Hollande: French first lady on the mend, resting
(AP) — French President Francois Hollande is traveling abroad, hoping to concentrate on state business. It's his alleged monkey business that's on many minds instead.
The French leader is in the international spotlight after a gossip magazine reported that he's having an affair with an actress and his first lady spent a week in the hospital.
The attention to his sex life threatens to overshadow Hollande's efforts to wield influence on trade, Syria and peacekeeping in Africa.
He's off on five foreign trips in the next few weeks, including to tabloid-friendly Britain and culminating in a protocol-heavy state visit to the United States, where late-night comedy TV has already pilloried him.
The first public question he faced on his first international trip since the scandal broke Monday was about his partner, 48-year-old journalist Valerie Trierweiler. They have lived together since 2007, but have never married.
In The Hague, Netherlands, a French TV reporter asked whether Trierweiler is still officially the first lady.
For the second time in a week, he dodged the question. "Valerie Trierweiler is doing better, and is resting at the Lanterne," a presidential residence in the formal royal haunt of Versailles, Hollande said, refusing to elaborate.
Alongside him was Dutch Prime Minister Mark Rutte, who is not married and has generally ducked questions about his love life.
Trierweiler left a hospital on Saturday after a week suffering from what aides called severe shock, prompted when gossip magazine Closer published images of what it says is Hollande sneaking out to see actress Julie Gayet. Hollande has not denied the allegation.
Trierweiler hadn't been expected to join Hollande in The Hague or on any other upcoming trips except the U.S. state visit Feb. 11, a glitzy event where her absence would likely stand out.

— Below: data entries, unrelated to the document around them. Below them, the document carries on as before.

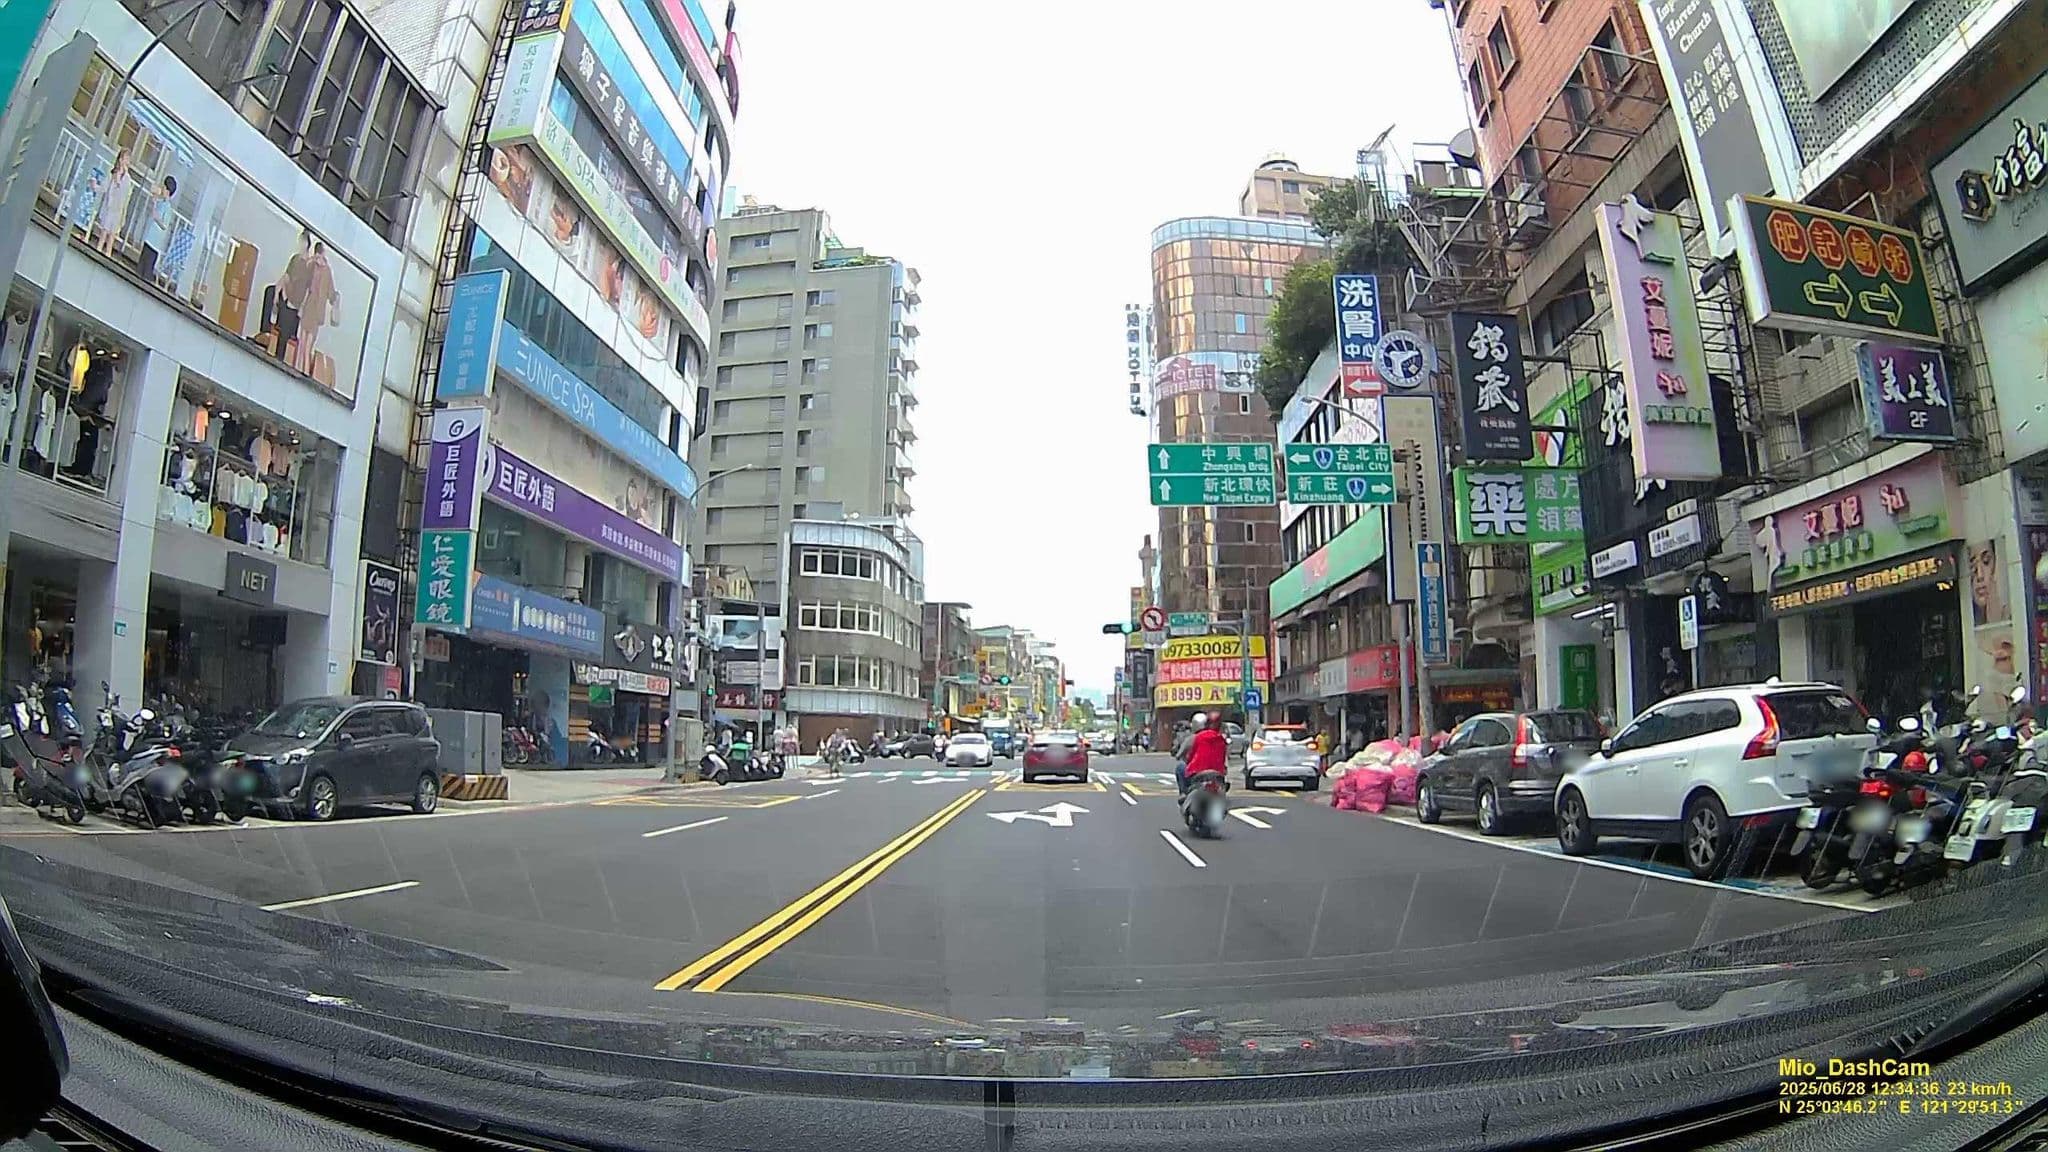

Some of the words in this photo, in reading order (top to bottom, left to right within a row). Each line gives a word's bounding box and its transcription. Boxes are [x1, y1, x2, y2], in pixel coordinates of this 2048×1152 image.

[1679, 11, 1712, 53] Church
[1339, 279, 1376, 338] 洗腎
[1344, 343, 1376, 359] 中心
[515, 336, 570, 406] EUNICE
[572, 382, 595, 426] SPA
[1909, 411, 1928, 428] 2F
[1201, 446, 1269, 461] 中興橋
[1336, 446, 1388, 461] 台北市
[1336, 462, 1364, 472] Taipei
[1368, 462, 1389, 473] City
[439, 444, 463, 518] 巨匠外語
[499, 460, 555, 513] 巨匠外語
[1204, 477, 1271, 493] 新北環快
[1297, 476, 1337, 492] 新莊
[1203, 493, 1219, 503] New
[1222, 493, 1243, 504] Taipei
[1294, 493, 1344, 504] Xinzhuang
[1466, 473, 1527, 535] 藥
[240, 570, 268, 592] NET
[369, 571, 396, 593] Curves
[424, 535, 456, 624] 仁愛眼鏡
[1171, 686, 1202, 701] 8899

On Saturday, De Telegraaf, the Netherlands' largest circulation newspaper, published a story attempting to explain how Hollande with his "receding hairline and glasses" could be so appealing to several accomplished, desirable women. Its suggestion that power acts as an aphrodisiac — especially among simians— was underlined with a caricature of a pot-bellied, grinning Hollande in a gorilla suit.

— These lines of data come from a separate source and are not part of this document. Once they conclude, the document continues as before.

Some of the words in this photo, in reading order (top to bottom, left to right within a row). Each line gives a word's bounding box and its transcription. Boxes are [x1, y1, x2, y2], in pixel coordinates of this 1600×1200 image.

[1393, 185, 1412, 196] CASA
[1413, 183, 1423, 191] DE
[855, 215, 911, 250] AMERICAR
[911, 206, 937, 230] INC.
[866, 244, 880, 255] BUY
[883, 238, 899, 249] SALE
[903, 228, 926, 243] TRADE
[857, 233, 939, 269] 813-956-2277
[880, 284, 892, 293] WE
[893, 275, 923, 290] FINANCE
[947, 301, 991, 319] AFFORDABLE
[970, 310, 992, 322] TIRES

After the laid-back Netherlands, Hollande heads to the Vatican. Roman Catholic teaching doesn't allow divorce or sex outside of marriage for its flock. But Pope Francis has been determined to reshape the image of the Church from a stern institution into a welcoming one, and isn't likely to publicly address Hollande's alleged peccadilloes.
Next week, Hollande leaves on an official visit to Turkey — the first in 22 years by a French president — to meet with Prime Minister Recep Tayyip Erdogan. Erdogan's Islamic-based, conservative government scorns sex outside of marriage and recently spoke of banning mixed-gender student residences.
Turkey's independent press has urged Trierweiler to leave the French presidential palace, and Vatan newspaper referred to Hollande as a "motorized womanizer" — a reference to his alleged ride to a tryst on the back of a motor scooter.
But in the United States, where first ladies often capture the imagination and Michelle Obama's recent 50th birthday was international news, the fallout might be the biggest.
"This will be a big issue and a big distraction," said Robert Watson, a professor of American studies at Florida-based Lynn University and author of many books about the U.S. relationship with its presidents and their wives.
"Here in the United States we fixate on sex scandals and prominent people ... As he tries to get this behind him it'll stay in the news," he said. "Already the mistress is everywhere."
Hollande is clearly concerned about the image France projects in the world. At a speech to foreign ambassadors in Paris on Friday, he underlined how France's mission was to be "a bridge between civilizations, societies and cultures — to speak to all."
The affair has overshadowed his Socialist-led government's policies. But is any publicity good publicity?
No, says French political analyst Dominique Moisi.
"People are asking themselves whether he's going to travel alone or with someone" — instead of his negotiating points, he said. "So in a way, the person he travels with has stolen the show."
"The French feel, 'well, this is his private life,'" he said. "But his private life is damaging the image of France abroad, because the president of the republic of France does not look very dignified. So there is a link between the two."